● **The input**
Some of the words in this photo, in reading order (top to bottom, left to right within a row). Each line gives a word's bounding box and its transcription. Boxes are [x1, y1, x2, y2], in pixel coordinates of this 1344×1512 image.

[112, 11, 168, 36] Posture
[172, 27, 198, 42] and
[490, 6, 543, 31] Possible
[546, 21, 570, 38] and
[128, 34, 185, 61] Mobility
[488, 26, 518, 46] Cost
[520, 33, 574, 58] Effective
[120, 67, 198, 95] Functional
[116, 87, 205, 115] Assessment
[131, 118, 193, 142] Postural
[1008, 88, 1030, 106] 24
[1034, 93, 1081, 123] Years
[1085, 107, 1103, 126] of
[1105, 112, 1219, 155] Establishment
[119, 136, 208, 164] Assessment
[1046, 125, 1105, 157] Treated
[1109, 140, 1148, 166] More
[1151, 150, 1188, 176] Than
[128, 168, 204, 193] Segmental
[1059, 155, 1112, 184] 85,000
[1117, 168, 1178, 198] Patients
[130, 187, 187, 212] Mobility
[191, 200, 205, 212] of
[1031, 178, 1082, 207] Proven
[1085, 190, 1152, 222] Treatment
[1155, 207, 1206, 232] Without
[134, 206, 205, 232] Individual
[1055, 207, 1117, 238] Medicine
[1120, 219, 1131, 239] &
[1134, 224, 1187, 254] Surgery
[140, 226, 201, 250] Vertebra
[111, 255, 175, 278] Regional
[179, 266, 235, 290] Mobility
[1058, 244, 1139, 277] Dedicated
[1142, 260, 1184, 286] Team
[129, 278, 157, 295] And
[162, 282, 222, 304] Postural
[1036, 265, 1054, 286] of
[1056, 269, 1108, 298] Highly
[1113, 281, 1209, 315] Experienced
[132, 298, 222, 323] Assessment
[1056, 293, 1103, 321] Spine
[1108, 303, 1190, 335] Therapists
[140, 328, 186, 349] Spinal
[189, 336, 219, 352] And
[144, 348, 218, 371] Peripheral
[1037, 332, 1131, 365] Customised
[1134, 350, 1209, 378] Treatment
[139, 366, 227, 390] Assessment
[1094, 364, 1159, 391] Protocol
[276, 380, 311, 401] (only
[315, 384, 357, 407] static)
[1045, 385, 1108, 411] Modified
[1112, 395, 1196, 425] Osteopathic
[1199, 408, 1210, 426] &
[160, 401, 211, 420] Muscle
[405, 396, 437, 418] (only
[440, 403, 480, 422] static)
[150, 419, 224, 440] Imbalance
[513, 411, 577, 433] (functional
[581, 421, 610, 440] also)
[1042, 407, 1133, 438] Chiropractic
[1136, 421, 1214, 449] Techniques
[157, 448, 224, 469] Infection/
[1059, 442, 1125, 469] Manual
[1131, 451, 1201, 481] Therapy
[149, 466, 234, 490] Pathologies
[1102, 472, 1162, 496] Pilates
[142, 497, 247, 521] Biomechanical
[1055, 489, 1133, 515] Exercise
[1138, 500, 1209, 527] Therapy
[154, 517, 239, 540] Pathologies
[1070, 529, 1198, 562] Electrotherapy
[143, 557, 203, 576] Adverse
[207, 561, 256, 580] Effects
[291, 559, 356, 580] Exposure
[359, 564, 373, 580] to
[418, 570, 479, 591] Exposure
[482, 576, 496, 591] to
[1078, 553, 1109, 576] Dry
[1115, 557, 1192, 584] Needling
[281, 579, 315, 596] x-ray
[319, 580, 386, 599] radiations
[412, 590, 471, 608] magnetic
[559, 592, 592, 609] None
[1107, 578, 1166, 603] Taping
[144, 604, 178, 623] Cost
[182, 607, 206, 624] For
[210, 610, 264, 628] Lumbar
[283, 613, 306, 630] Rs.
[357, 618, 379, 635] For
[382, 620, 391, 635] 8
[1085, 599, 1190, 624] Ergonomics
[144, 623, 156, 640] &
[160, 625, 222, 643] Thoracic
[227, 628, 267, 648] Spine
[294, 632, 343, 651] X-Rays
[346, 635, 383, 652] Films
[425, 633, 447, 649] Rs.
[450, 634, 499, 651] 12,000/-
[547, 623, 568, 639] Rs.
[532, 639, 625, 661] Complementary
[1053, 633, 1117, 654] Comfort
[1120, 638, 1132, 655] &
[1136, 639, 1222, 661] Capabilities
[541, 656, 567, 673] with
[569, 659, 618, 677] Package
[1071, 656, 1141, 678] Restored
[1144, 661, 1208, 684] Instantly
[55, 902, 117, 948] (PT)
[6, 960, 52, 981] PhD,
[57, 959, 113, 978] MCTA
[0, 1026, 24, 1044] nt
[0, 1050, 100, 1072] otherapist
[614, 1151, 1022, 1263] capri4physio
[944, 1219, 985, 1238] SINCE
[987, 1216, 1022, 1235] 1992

● **Work instruction**
Scan the material above. Extract every line in which the word "Mobility" occurs.

● **Response to the task**
[128, 34, 185, 61] Mobility
[130, 187, 187, 212] Mobility
[179, 266, 235, 290] Mobility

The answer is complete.